Если характер изменения исследуемого показателя не известен, то ставится поисковый эксперимент и предпочтение отдается той математической формуле, которая дает наилучшее совпадение с данными поискового эксперимента. Результаты поискового эксперимента и априорный информационный массив позволяют установить схему взаимодействия объекта с внешней средой по соотношению входных и выходных величин.

Процесс выбора математической модели объекта заканчивается ее предварительным контролем. При этом осуществляются следующие виды контроля: размерностей; порядков; характера зависимостей; экстремальных ситуаций; граничных условий; математической замкнутости; физического смысла; устойчивости модели.

10.Оптимизация в исследовании (О) -  (от лат. optimus-наилучший) - понимают целенаправленную деятельность, заключающуюся в получении наилучших результатов при соответствующих условиях. Постановка задачи О. предполагает наличие ее объекта, набора независимых параметров (переменных), описывающих данную задачу, а также условий (часто наз. ограничениями), характеризующие приемлемые значения независимых переменных, которые и образуют модель рассматриваемой системы.Еще одной обязательным условием описания оптимизационной задачи служит мера "качества", носящая название критерия оптимизации и зависящая от переменных О. Решение оптимизационной задачи - поиск определенного набора значений переменных, которому отвечает оптимизационное значение критерия О.

Описанные и построенные модели реального объекта – важнейший этап оптимизационного исследования, так как он определяет практическую ценность получаемого решения и возможность его реализации.

Процесс оптимизации с использованием модели можно рассматривать как метод отыскания оптимального решения для реального объекта без непосредственного экспериментирования с самим объектом. «Прямой» путь, ведущий к оптимальному решению, заменяется «обходным», включающим построение и оптимизацию модели, а также преобразование полученных результатов в практически реализуемую форму.
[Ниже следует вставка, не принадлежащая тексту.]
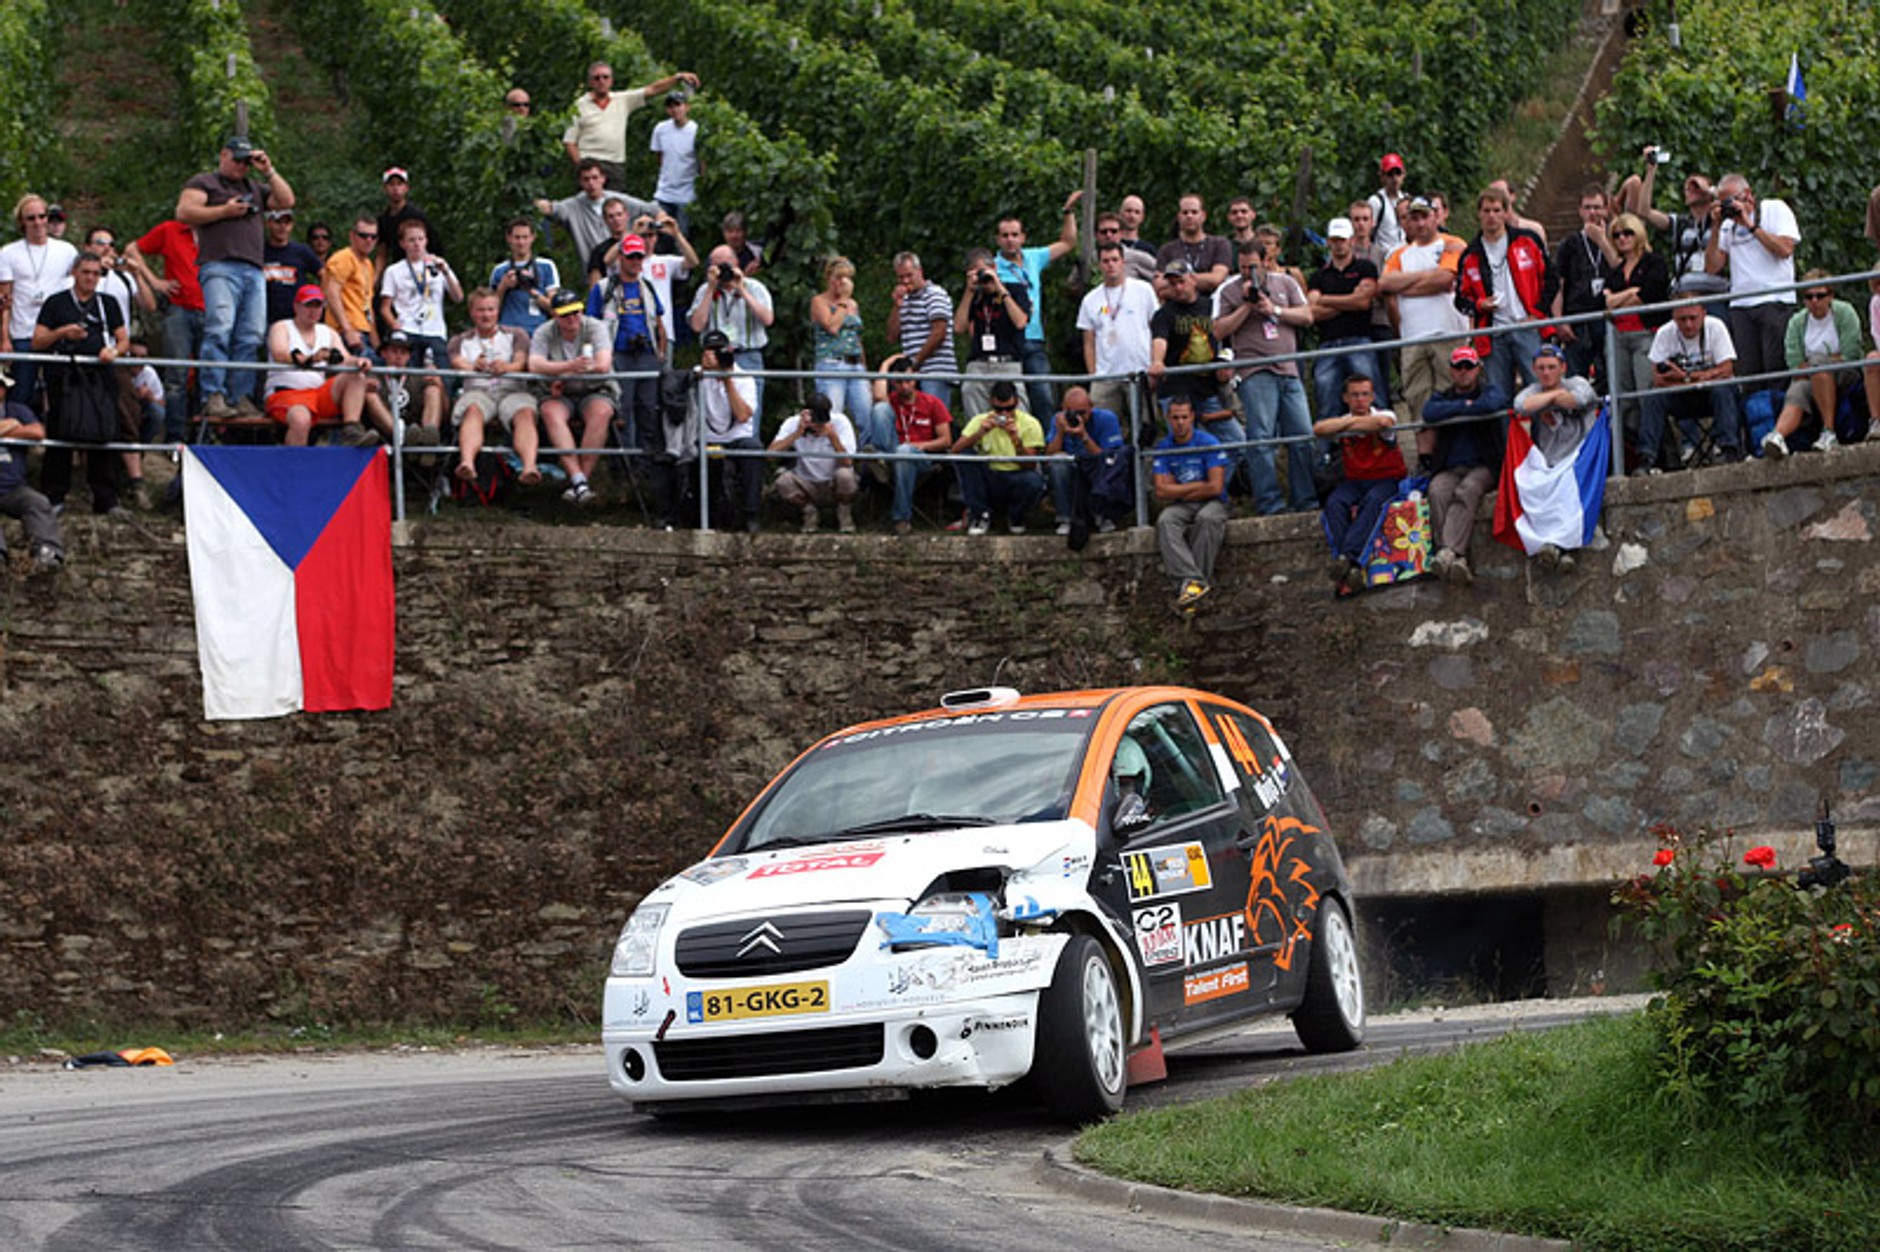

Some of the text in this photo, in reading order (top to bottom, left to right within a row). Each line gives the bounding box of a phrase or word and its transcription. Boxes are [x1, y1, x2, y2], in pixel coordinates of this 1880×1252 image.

При формировании такой модели следует учитывать характеристики объекта, которые должны быть отражены в модели, а менее существенные особенности в модель можно не включать. Необходимо сформулировать логически обоснованные допущения, выбрать форму представления модели, уровень ее детализации и метод реализации на ЭВМ. Все это относятся к этапу построения модели. Модели можно упорядочить по степени адекватности описания поведения реального объекта. Таким образом, качество модели нельзя оценивать ни по структуре, ни по форме. Единственным критерием такой оценки может служить лишь достоверность полученных на модели примеров поведения реального объекта.